В нескольких других делах вмешательство Леонтовича сыграло определенно положительную роль. Он, по моей просьбе, подписал поручительство за арестованную по самиздатскому делу в Сочи молодую женщину; получив такое письмо от еще не скомпрометированного академика, ее сразу отпустили. Леонтович взял к себе в секретари ученого-отказника Александра Воронеля, которому грозила ответственность за тунеядство. (Я был в числе тех, кто просил Леонтовича об этой помощи.) Леонтович также горячо взялся за дело Файнберга и Борисова – вместе со мной он дважды ходил в Министерство здравоохранения. Там мы разговаривали – что было полностью бесполезно – с начальником отдела госпитализации (женщиной). Мы говорили также с директором Института психиатрии Наджаровым. Он пытался оправдать тяжелые условия в Ленинградской и других специальных психиатрических больницах спецификой работы с психически больными преступниками, нехваткой санитаров, что вызывает необходимость использовать для этого заключенных-уголовников, и разными объективными причинами. Он также пытался прочитать нам нечто вроде лекции о вялотекущей шизофрении и ее социальной опасности. Мы не могли квалифицированно возражать ему по медицинским вопросам, но очень определенно говорили о недопустимости использования психиатрии в политических целях. Мне кажется, вмешательство Леонтовича в дело Файнберга и Борисова было очень полезным.
В 1972 году Леонтович подписал составленные мною обращения об амнистии и отмене смертной казни (о них я подробно пишу ниже). Он подписал потом и некоторые другие документы в защиту разных лиц, но с каждым разом высказывал все больше скептицизма. Я видел, что ему все труднее и труднее предпринимать какие-либо активные действия, и стал обращаться к нему реже. Несколько раз я был у Леонтовича с Люсей – это были очень дружественные беседы. Леонтович рассказывал (как и когда я бывал у него один) много интересных эпизодов из своей жизни.

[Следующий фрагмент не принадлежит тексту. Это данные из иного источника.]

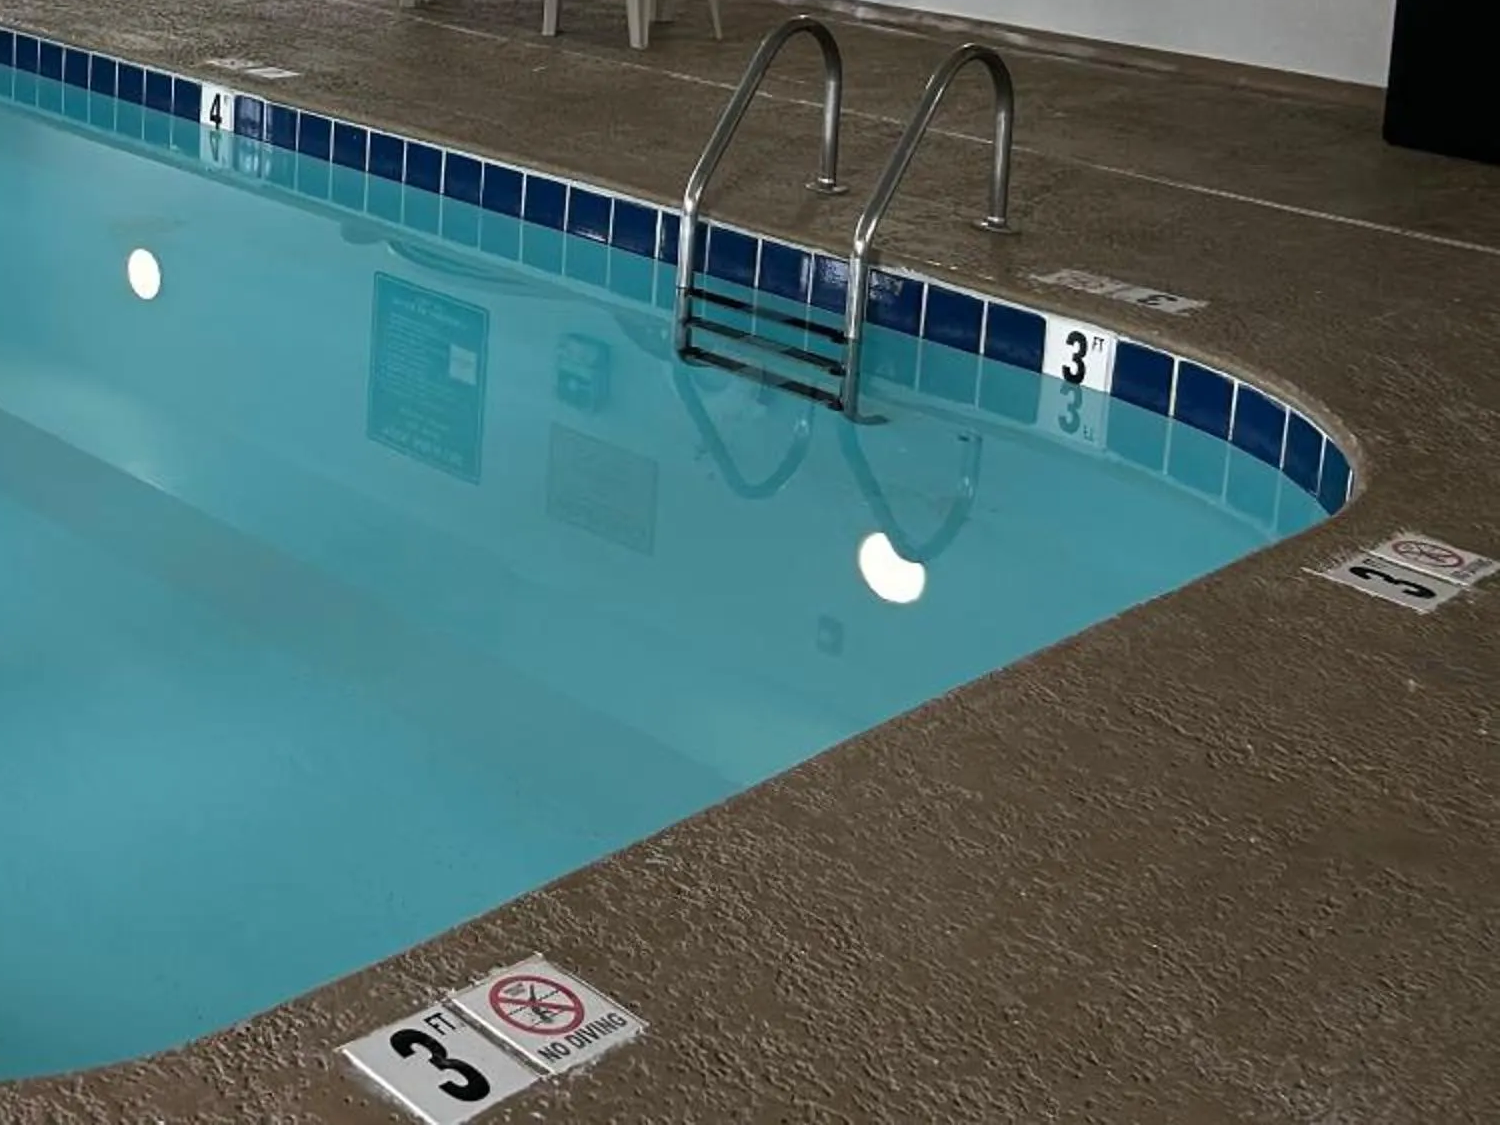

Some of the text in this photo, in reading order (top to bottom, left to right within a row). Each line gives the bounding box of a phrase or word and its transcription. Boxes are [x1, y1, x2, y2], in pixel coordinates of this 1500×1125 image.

[210, 93, 222, 130] 4
[1062, 330, 1104, 384] 3 FT
[1349, 566, 1437, 599] 3
[390, 1012, 490, 1102] 3 FT
[538, 1013, 627, 1062] NO DIVING
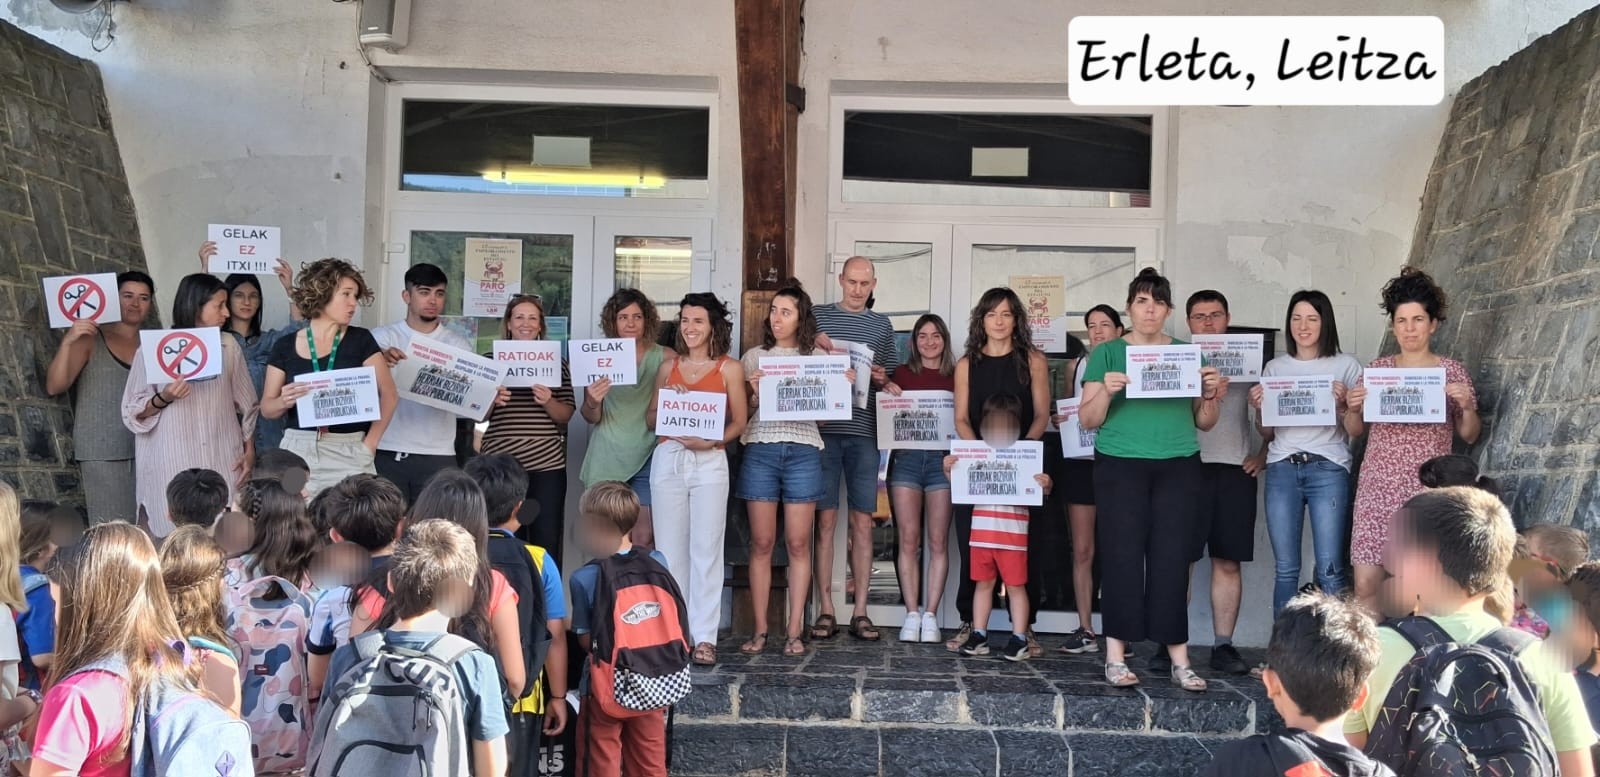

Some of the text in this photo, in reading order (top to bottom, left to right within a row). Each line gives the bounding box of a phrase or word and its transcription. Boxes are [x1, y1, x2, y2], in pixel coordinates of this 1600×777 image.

[223, 228, 268, 240] GELAK
[239, 245, 256, 255] EZ
[227, 260, 267, 272] ITXI !!!
[480, 282, 505, 290] PARO
[1030, 317, 1050, 325] ARO
[581, 342, 624, 352] GELAK
[498, 351, 554, 361] RATIOAK
[597, 358, 613, 368] EZ
[506, 367, 553, 377] AITSI !!!
[612, 373, 624, 383] !!!
[778, 387, 801, 400] HERRIAK
[663, 400, 717, 413] RATIOAK
[795, 399, 827, 412] PUBLIKOAN
[662, 416, 716, 430] JAITSI !!!
[969, 471, 993, 482] HERRIAK
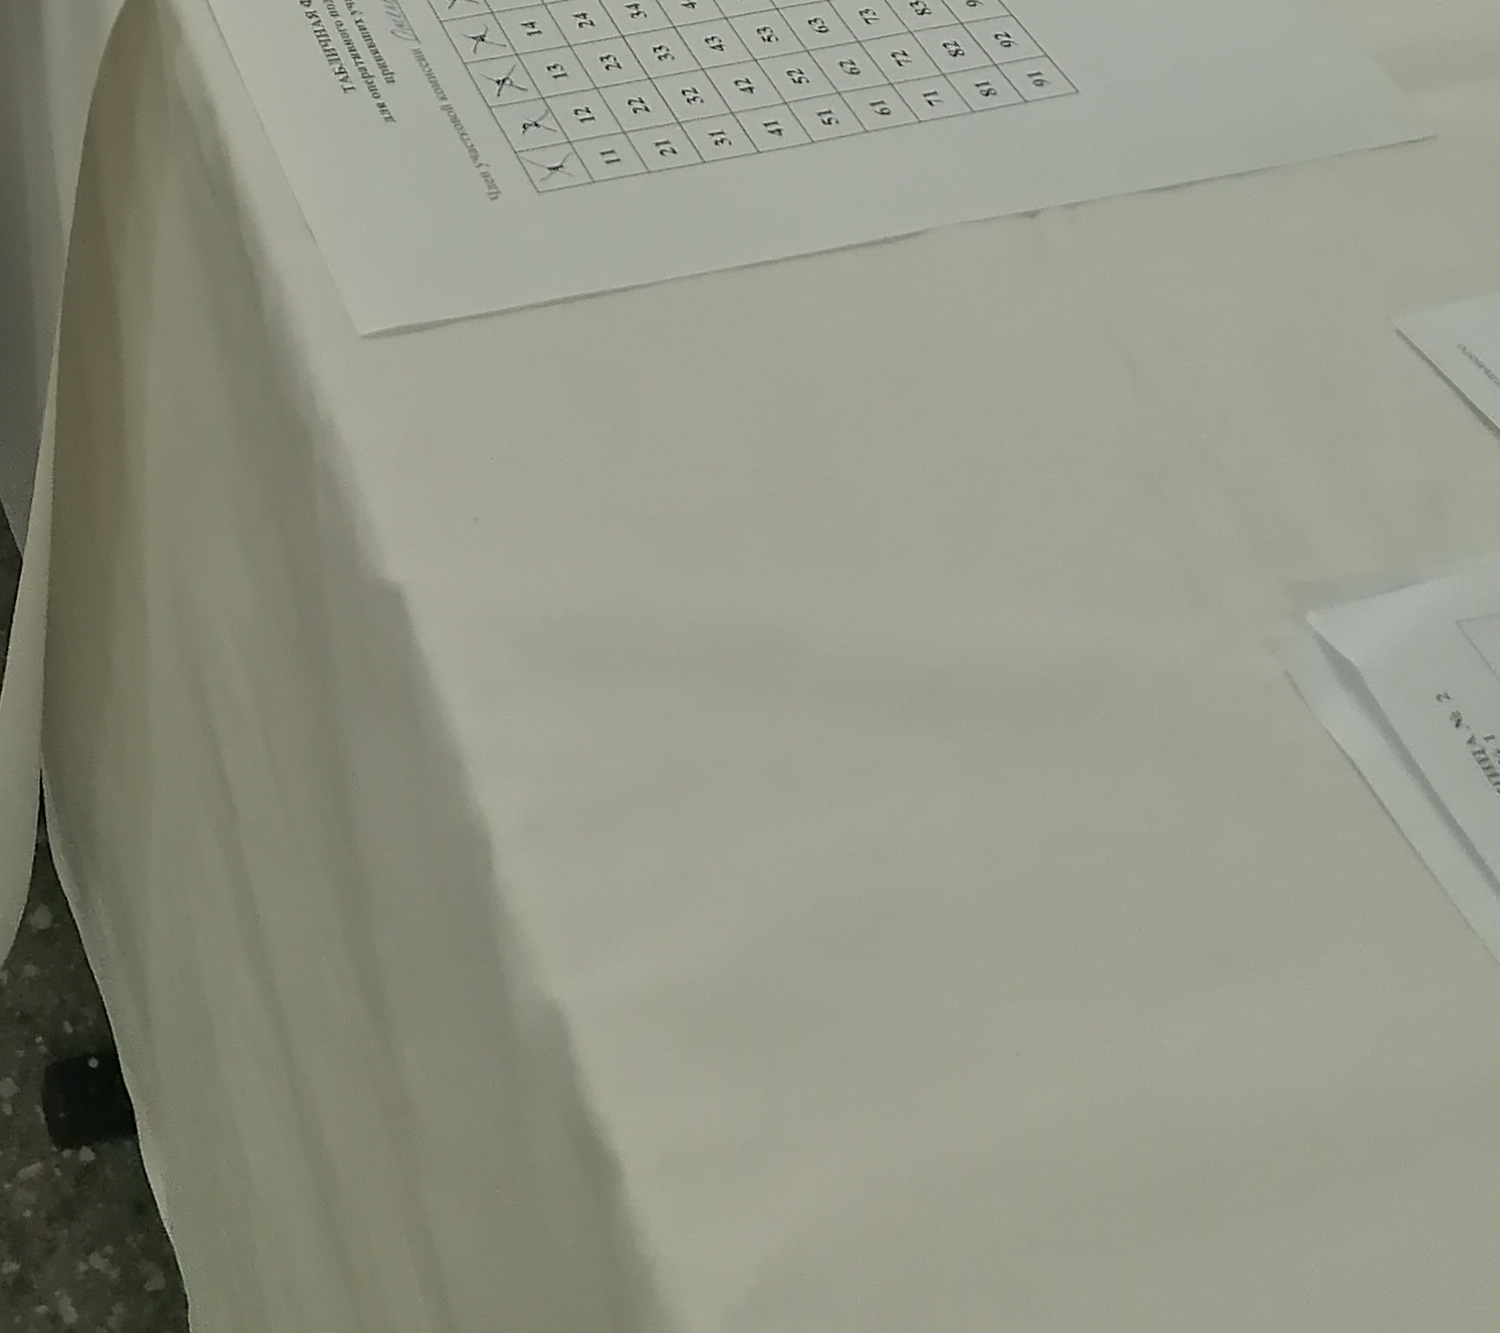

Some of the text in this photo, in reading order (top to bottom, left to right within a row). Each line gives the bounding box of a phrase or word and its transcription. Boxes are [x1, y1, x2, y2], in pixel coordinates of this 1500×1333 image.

[624, 2, 647, 18] 34
[908, 0, 932, 16] 83
[572, 12, 595, 28] 24
[858, 8, 878, 25] 73
[520, 21, 542, 36] 14
[807, 17, 829, 33] 63
[755, 26, 779, 42] 53
[993, 31, 1015, 48] 92
[304, 9, 356, 93] ТАБЛИЧНАЯ
[353, 17, 396, 84] принявших
[704, 35, 724, 51] 43
[941, 40, 965, 57] 82
[334, 19, 381, 99] оперативного
[652, 44, 675, 61] 33
[890, 49, 911, 66] 72
[598, 54, 622, 71] 23
[838, 59, 861, 75] 62
[545, 63, 568, 79] 13
[785, 68, 810, 84] 52
[1026, 70, 1047, 87] 91
[733, 77, 754, 94] 42
[973, 81, 997, 97] 81
[680, 87, 704, 104] 32
[922, 90, 941, 107] 71
[375, 101, 396, 122] для
[626, 96, 650, 114] 22
[868, 100, 891, 115] 61
[573, 106, 595, 123] 12
[816, 109, 839, 125] 51
[411, 47, 502, 201] Член участковой комиссии
[762, 120, 782, 136] 41
[708, 130, 732, 146] 31
[654, 140, 677, 156] 21
[599, 149, 621, 164] 11

Я расскажу один из них, так как он чем-то напоминает мне мою собственную «самодеятельность» на объекте.
Однажды надо было пронести на полигон, где шли важные испытания (дело было во время войны), баллон с жидким газом. Вокруг толпы гебистов, нужен был пропуск, на получение которого ушли бы недели бюрократической переписки – вплоть до министров. Леонтович подвязал баллон в брюках между ног и так пронес его. Обыскивать профессора никто не решился. Так мы спасали советскую власть от нее самой.
Его связывала многолетняя дружба с И. Е. Таммом и Петром Новиковым (известным математиком, специалистом по математической логике, академиком). Он был одним из людей, вызывавших у меня самое глубокое уважение. К сожалению, разница в возрасте и разные внешние обстоятельства не дали нашим отношениям стать более близкими.